(EXERCISE AIM) Present the lines below again, exactly as they stand.

= = = = =

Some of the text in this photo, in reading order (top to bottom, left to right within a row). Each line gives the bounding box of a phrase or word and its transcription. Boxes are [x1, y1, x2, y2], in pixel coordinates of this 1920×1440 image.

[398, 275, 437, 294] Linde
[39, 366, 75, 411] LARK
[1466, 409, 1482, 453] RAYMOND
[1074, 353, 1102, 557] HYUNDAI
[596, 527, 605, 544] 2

= = = = =

(OUTPUT BELOW)
Some of the text in this photo, in reading order (top to bottom, left to right within a row). Each line gives the bounding box of a phrase or word and its transcription. Boxes are [x1, y1, x2, y2], in pixel coordinates of this 1920×1440 image.

[398, 275, 437, 294] Linde
[39, 366, 75, 411] LARK
[1466, 409, 1482, 453] RAYMOND
[1074, 353, 1102, 557] HYUNDAI
[596, 527, 605, 544] 2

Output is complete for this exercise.